═════ DATA SUPPLIED
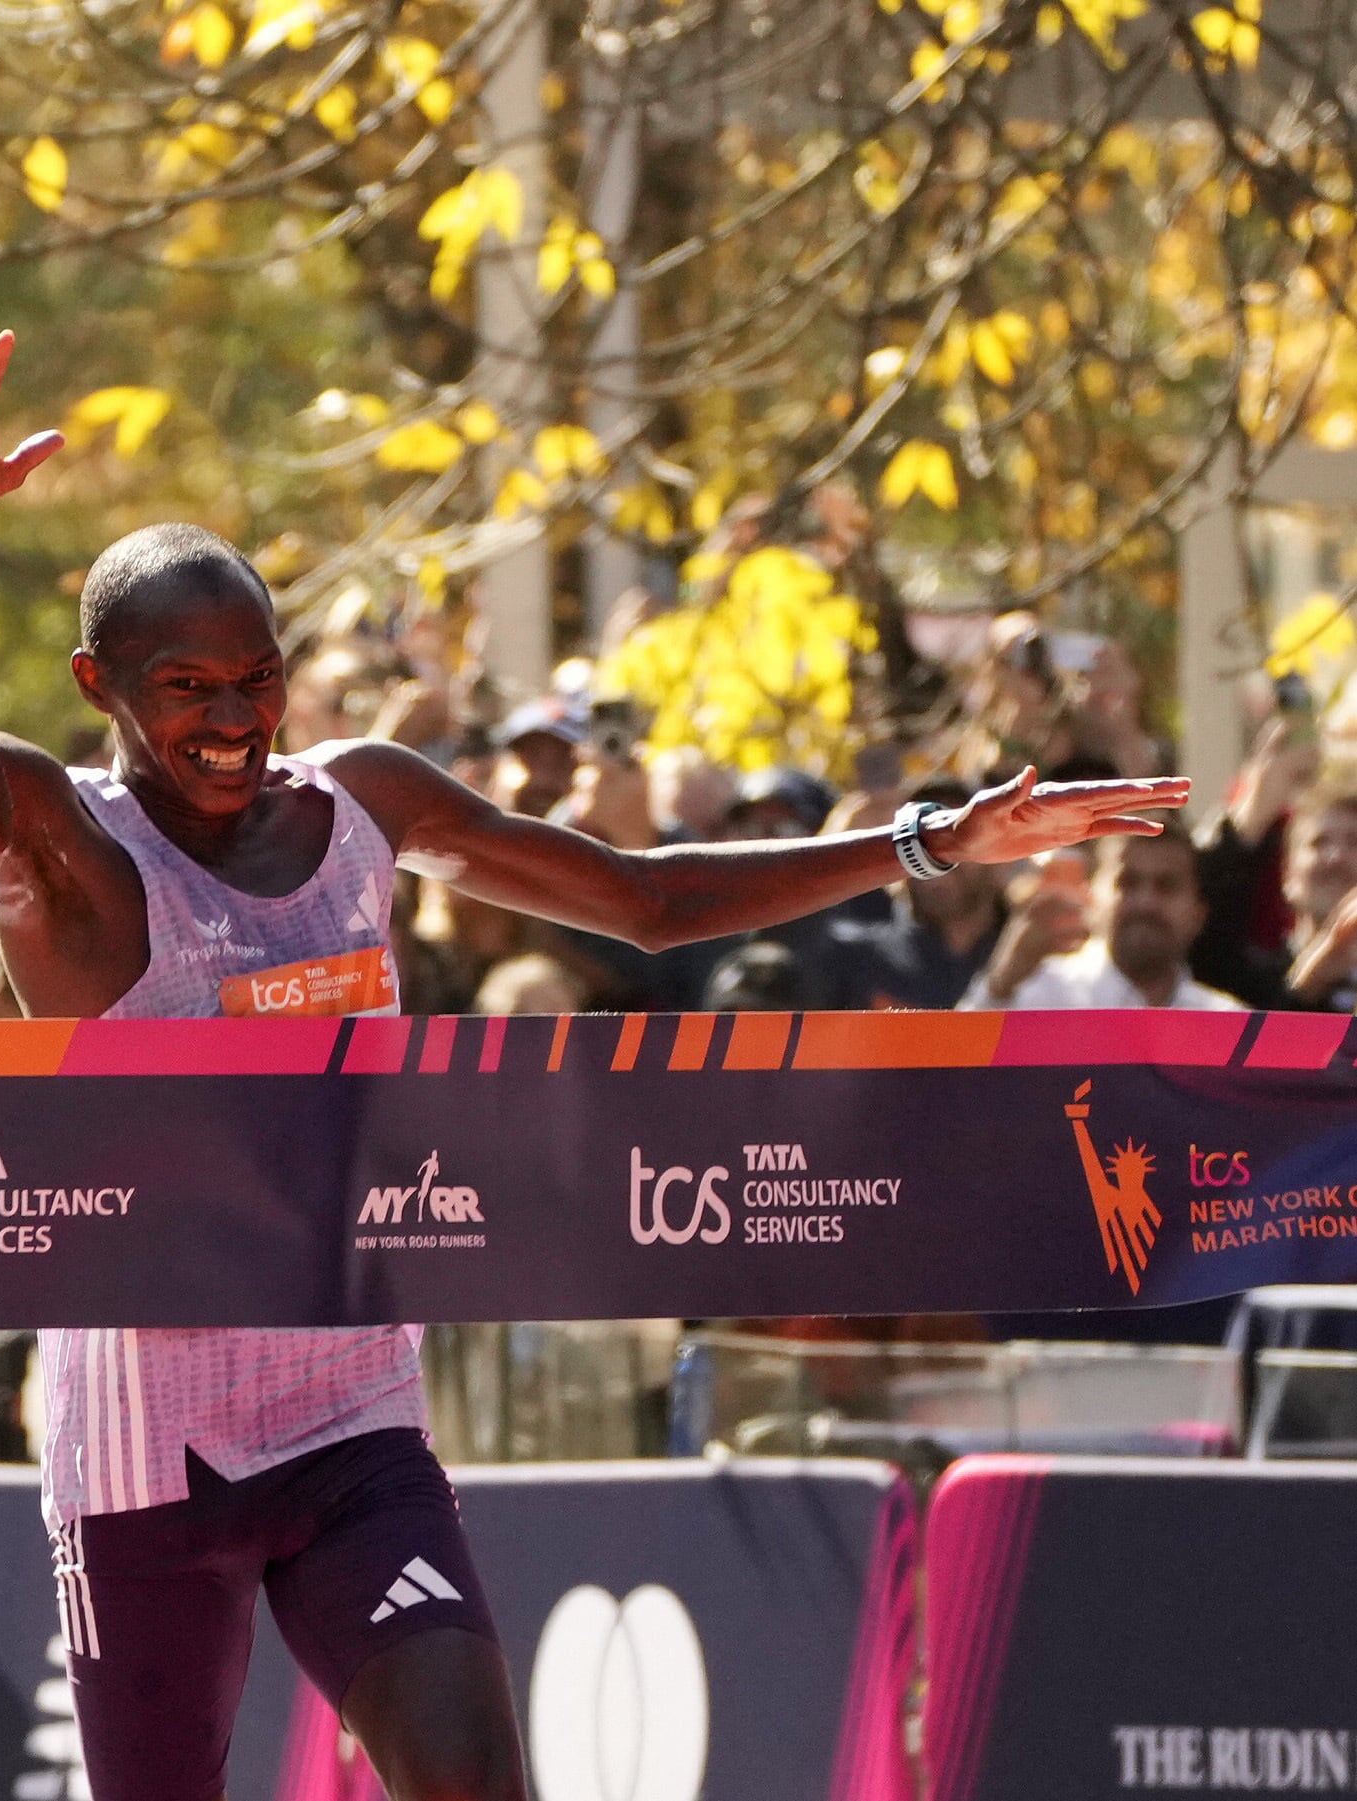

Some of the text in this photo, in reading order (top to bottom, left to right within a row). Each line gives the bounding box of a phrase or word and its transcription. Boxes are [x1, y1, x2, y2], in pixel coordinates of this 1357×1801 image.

[250, 978, 305, 1012] tcs
[743, 1144, 807, 1171] TATA
[1190, 1144, 1251, 1186] tcs
[631, 1147, 731, 1245] tcs
[744, 1178, 901, 1207] CONSULTANCY
[1190, 1198, 1254, 1223] NEW
[1262, 1185, 1342, 1213] YORK
[355, 1234, 486, 1249] NEW YORK ROAD RUNNERS
[744, 1215, 844, 1244] SERVICES
[1192, 1215, 1357, 1253] MARATHON
[1114, 1726, 1348, 1790] THE RUDIN
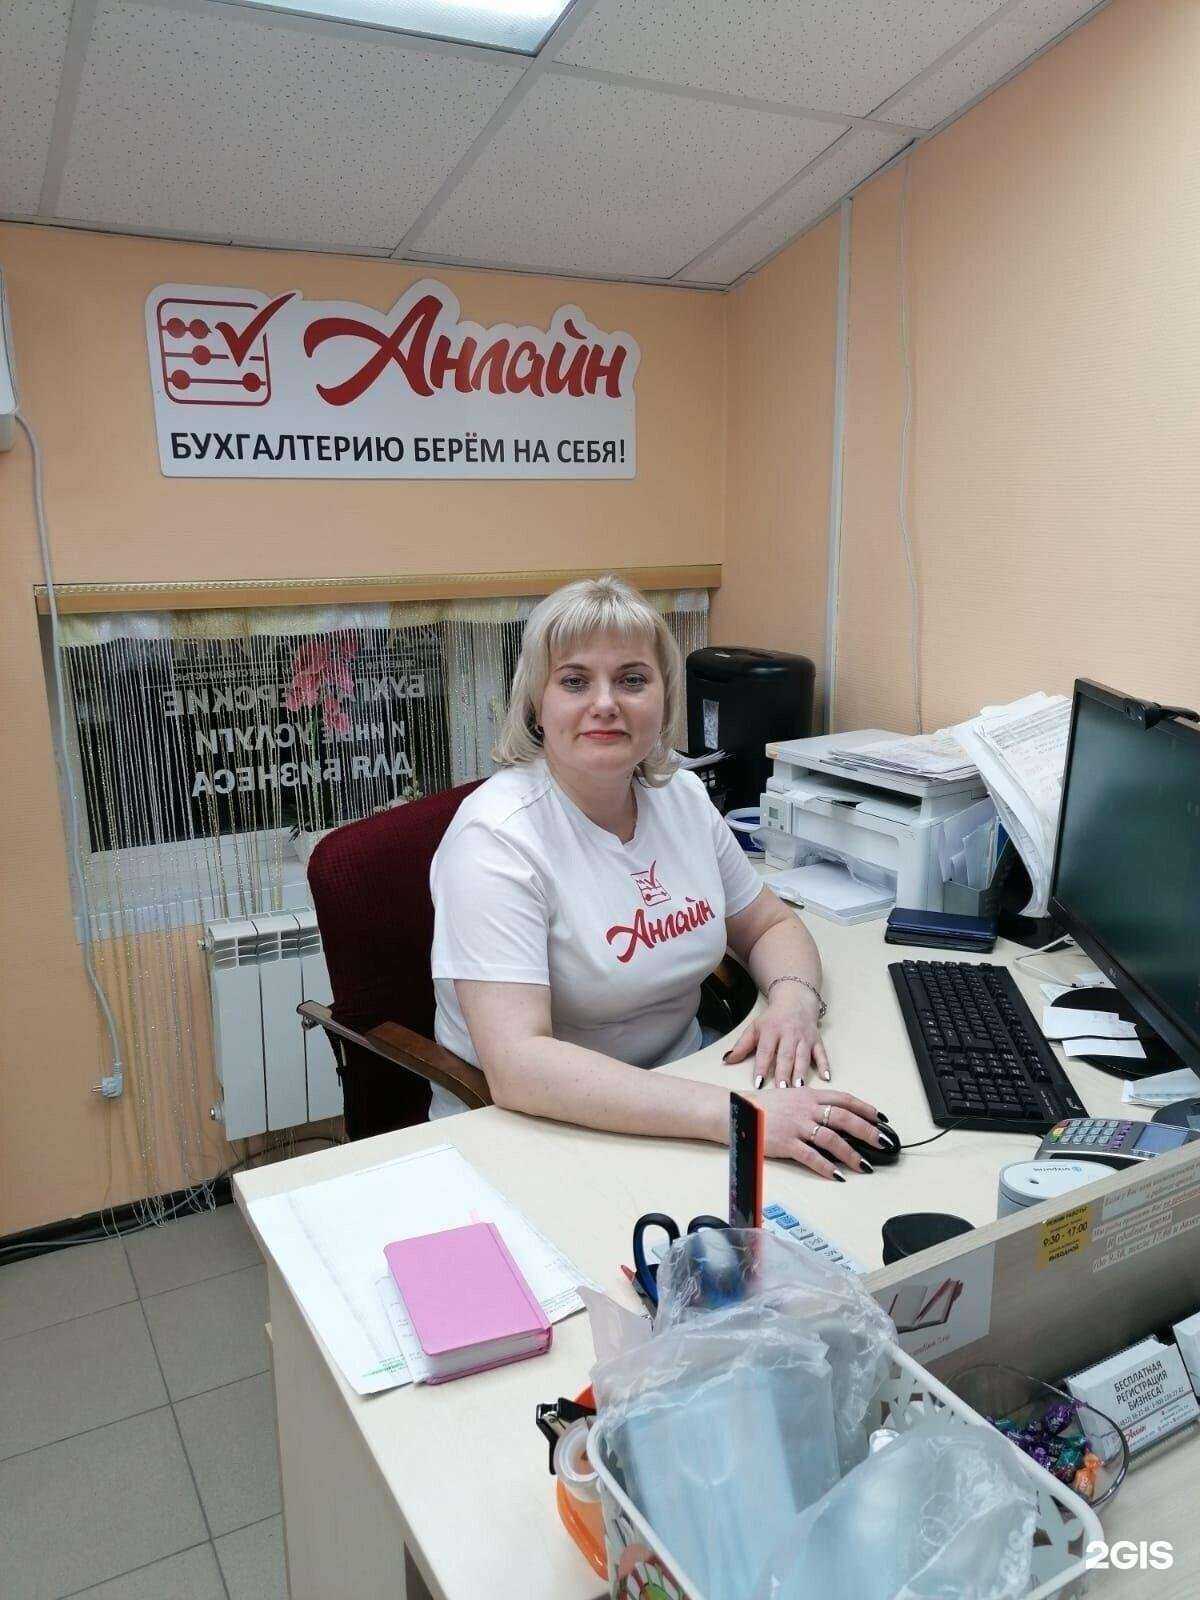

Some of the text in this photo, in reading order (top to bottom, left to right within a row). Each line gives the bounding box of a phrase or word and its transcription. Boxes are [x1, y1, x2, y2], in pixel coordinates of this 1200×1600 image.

[303, 295, 627, 407] Анлайн
[171, 431, 626, 465] БУХГАЛТЕРИЮ БЕРЁМ НА СЕБЯ!
[606, 896, 715, 963] Анлайн
[1114, 1360, 1163, 1393] БЕСПЛАТНАЯ
[1116, 1370, 1168, 1405] РЕГИСТРАЦИЯ
[1127, 1384, 1165, 1411] БИЗНЕСА!
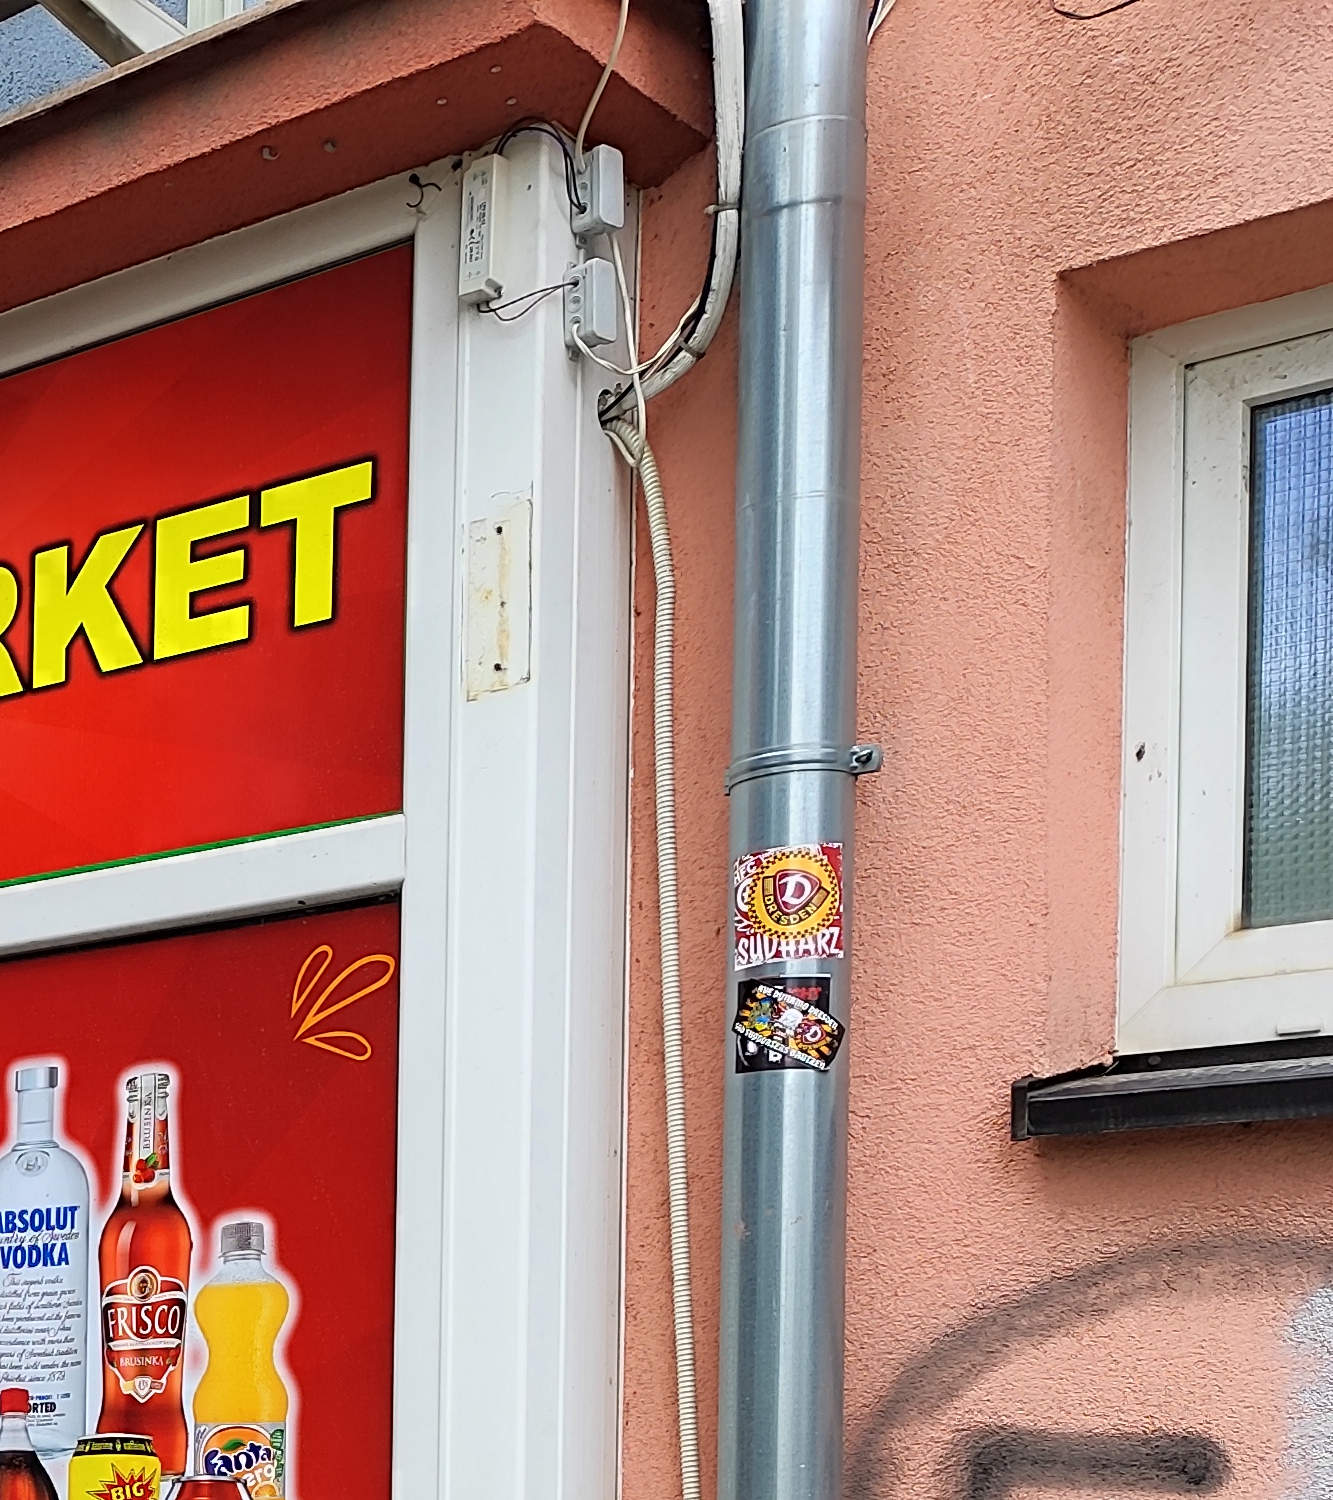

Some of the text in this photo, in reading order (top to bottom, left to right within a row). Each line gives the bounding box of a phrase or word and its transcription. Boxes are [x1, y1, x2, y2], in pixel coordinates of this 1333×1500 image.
══════════
### ABOUT THIS EXERCISE:
All of the entries above must be reproduced exactly, and no image may be included.

### EXPECTED OUTPUT:
Some of the text in this photo, in reading order (top to bottom, left to right within a row). Each line gives the bounding box of a phrase or word and its transcription. Boxes are [x1, y1, x2, y2], in pixel coordinates of this 1357×1801 image.

[250, 978, 305, 1012] tcs
[743, 1144, 807, 1171] TATA
[1190, 1144, 1251, 1186] tcs
[631, 1147, 731, 1245] tcs
[744, 1178, 901, 1207] CONSULTANCY
[1190, 1198, 1254, 1223] NEW
[1262, 1185, 1342, 1213] YORK
[355, 1234, 486, 1249] NEW YORK ROAD RUNNERS
[744, 1215, 844, 1244] SERVICES
[1192, 1215, 1357, 1253] MARATHON
[1114, 1726, 1348, 1790] THE RUDIN

Some of the text in this photo, in reading order (top to bottom, left to right within a row). Each line gives the bounding box of a phrase or word and its transcription. Boxes are [x1, y1, x2, y2], in pixel coordinates of this 1200×1600 image.

[303, 295, 627, 407] Анлайн
[171, 431, 626, 465] БУХГАЛТЕРИЮ БЕРЁМ НА СЕБЯ!
[606, 896, 715, 963] Анлайн
[1114, 1360, 1163, 1393] БЕСПЛАТНАЯ
[1116, 1370, 1168, 1405] РЕГИСТРАЦИЯ
[1127, 1384, 1165, 1411] БИЗНЕСА!

Some of the text in this photo, in reading order (top to bottom, left to right within a row). Each line gives the bounding box of a phrase or word and its transcription. Boxes are [x1, y1, x2, y2], in pixel coordinates of this 1333×1500 image.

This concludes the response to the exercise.